Athinaikos, officially known as Athinaikos AS FC (Greek: Αθηναϊκός Αθλητικός Σύλλογος - Athinaikos Athlitikos Syllogos), the Athenaic Athletic Association, is a Greek football club based in the suburban town of Vyronas, located in the Athens agglomeration.
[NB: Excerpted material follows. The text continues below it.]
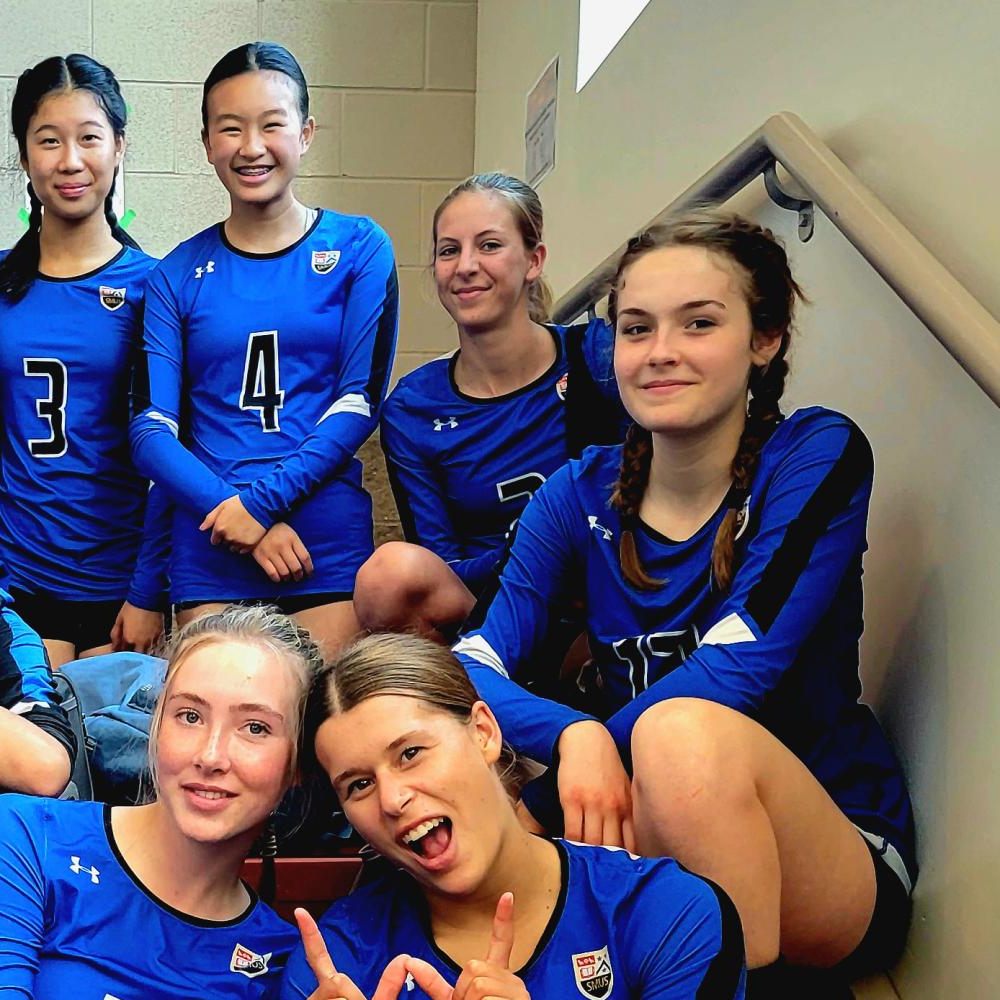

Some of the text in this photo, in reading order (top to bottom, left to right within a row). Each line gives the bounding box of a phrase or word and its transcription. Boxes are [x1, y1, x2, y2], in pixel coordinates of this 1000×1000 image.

[23, 358, 68, 458] 3
[239, 330, 285, 433] 4
[586, 975, 609, 992] SMUS
The club is also referred to, unofficially, as Athinaikos Vyronas.

==History==
The club was formed in 1917 and was a foundation member of the Hellenic Football Federation.

At the start of the 1950s, the team was relocated to the suburbs of Vyronas and merged with Nea Elvetia (Greek: Αθλητική Ένωση Νέας Ελβετίας), the local club, which was formed in 1935. The club was named Athinaikos Neas Elvetias AS (Greek: Αθηναϊκός Νέας Ελβετίας Αθλητικός Σύλλογος), but it was commonly referred to as Athinaikos or AthNE (Greek: ΑΘ.Ν.Ε.).

The team plays in the municipal stadium of Vyrona, which has a capacity of 4,340. The team's nickname is Lords of Byron, a reference to George Gordon Byron, 6th Baron Byron, commonly known as Lord Byron, who fought and died for Greek independence. The area of Vyronas was named after him as a tribute.

Athinaikos established two more departments of Handball and Basketball.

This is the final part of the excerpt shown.